八木:前回、相続対策のためにアパート経営を始めたのはいいけれど、かえってそれが生活の負担になってしまうこともある、というお話をされました。どんな問題が起こるのでしょう?

先生:アパート経営は、あくまで「経営」ですから、きちんと儲けを出す必要があります。ところが、ぜんぜん利益を出せないで四苦八苦しているケースが、けっこうあるのです。賃貸アパートの売り上げは、言うまでもなく入居者の払ってくれる家賃ですよね。しっかり部屋が埋まって、安定した家賃収入の得られることが、成功の大前提になります。

八木:ところが、思ったように入居者が集まらない……。

先生:例えば、そういうふうに採算性を見誤ってしまうわけです。そうなると大変です。建物を建てたら、固定資産税という税金がかかってきます。アパート建設資金を銀行から借りれば、その返済もしていかなくてはなりません。結局、相続税の節税の前に、蓄えてきた資産がどんどん「持ち出し」になってしまう。そこまでいかなくても、「何のためにアパートを建てたのかわからない」と頭を抱えることになるのです。つい最近も、そんなお客様からの相談を、3件続けて受けたんですよ。
◆冷静に採算性を考える

八木:でも、「素人が不動産経営に乗り出す難しさ」は、いろんなメディアなどでも、けっこう取り上げられていますよね。どうしてそういう状況に陥ってしまうのでしょうか?
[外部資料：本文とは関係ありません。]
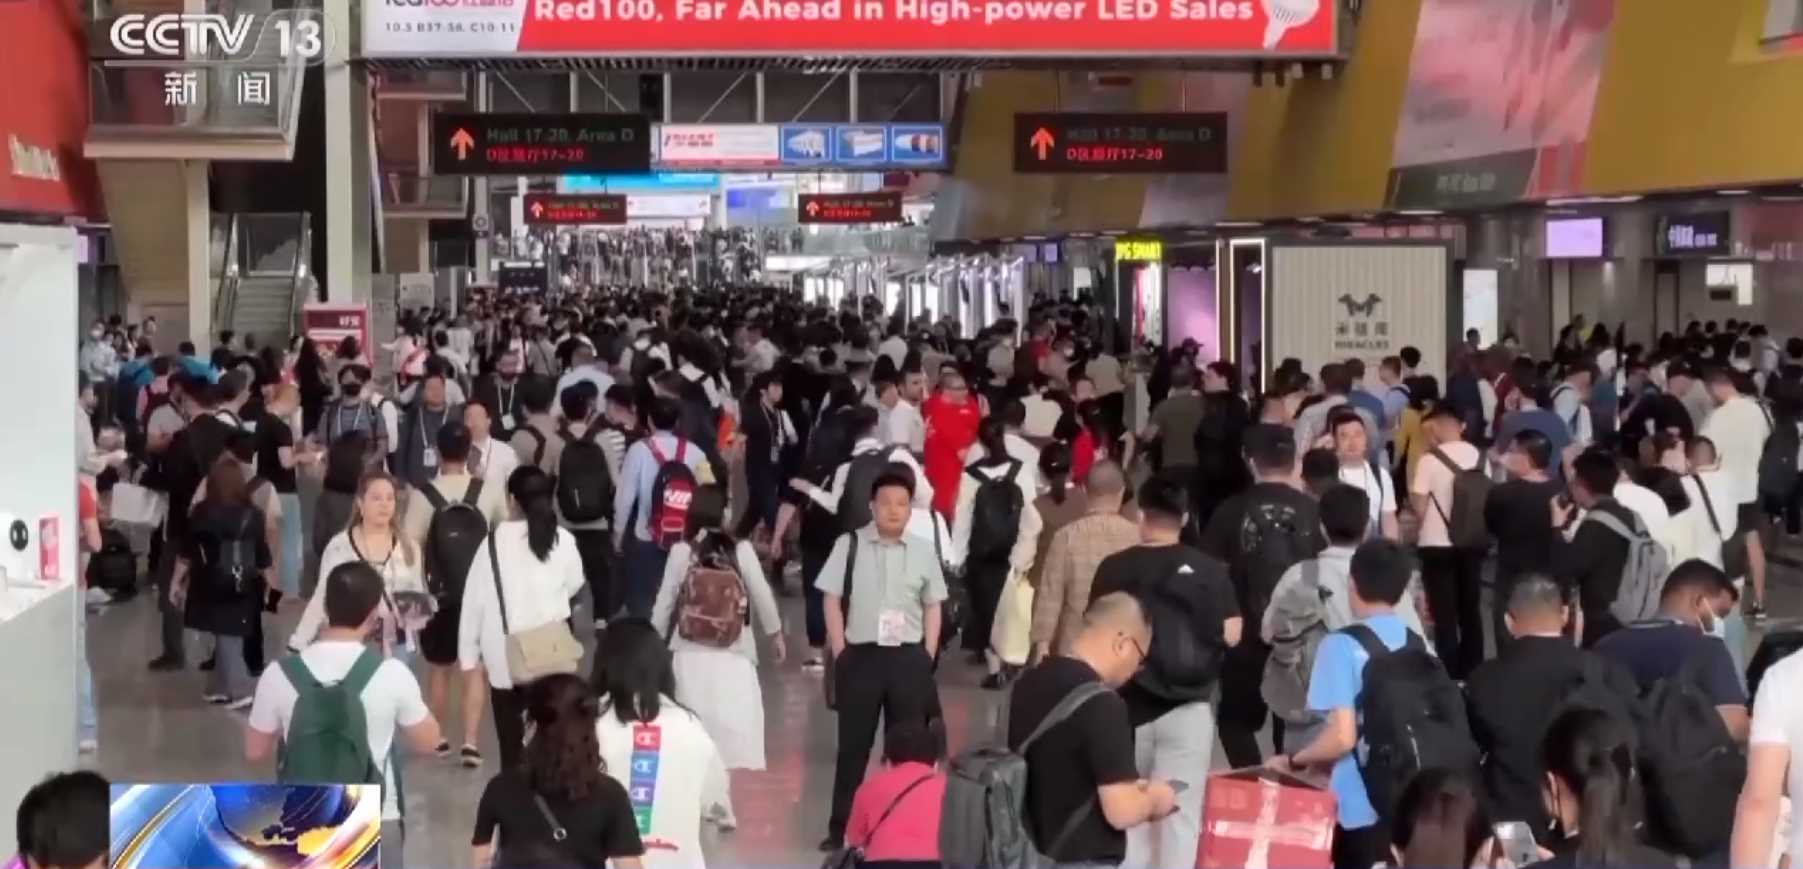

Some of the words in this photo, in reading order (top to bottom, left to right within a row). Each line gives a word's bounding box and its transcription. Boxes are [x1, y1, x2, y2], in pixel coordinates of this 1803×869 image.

[535, 0, 663, 21] Red100,
[676, 0, 727, 20] Far
[738, 0, 841, 20] Ahead
[854, 0, 884, 20] in
[896, 0, 1084, 25] High-power
[1098, 0, 1158, 20] LED
[1169, 0, 1254, 20] Sales
先生:相談に来られた方たちは、みんな「持っている空き地にアパートを建てませんか?」とハウスメーカーの担当者に勧められて始めた、というパターンでした。前回お話ししたように、賃貸物件を建てれば、空き地に比べて相続税評価額を2割程度下げることができますから。中には、わざわざ不動産管理会社をつくった人もいましたね。確かに、所得が一定額を越えたら、法人にしたほうが税金は安くて済みます。ところが、目論見は見事に外れてしまいました。

お話をうかがってみてあらためてわかったのは、みなさん「現状のままでは、相続税が大変ですよ」という話に心を動かされていた、ということです。事業の採算性、将来展望についての説明は、ほとんど受けていないようなのです。受けていたのかもしれませんけど、少なくとも頭には残っていませんでした。

八木:住宅メーカーとしては、空き地があれば、そこに自社の物件を建ててもらいたいですからね。そのメリットを強調するかもしれません。

先生:もちろん、悪意を持ったメーカーばかりだなどと言うのではありません。でも、お話したような「被害」が増えていることも事実。そのことは、きちんとお伝えしておきたいんですよ。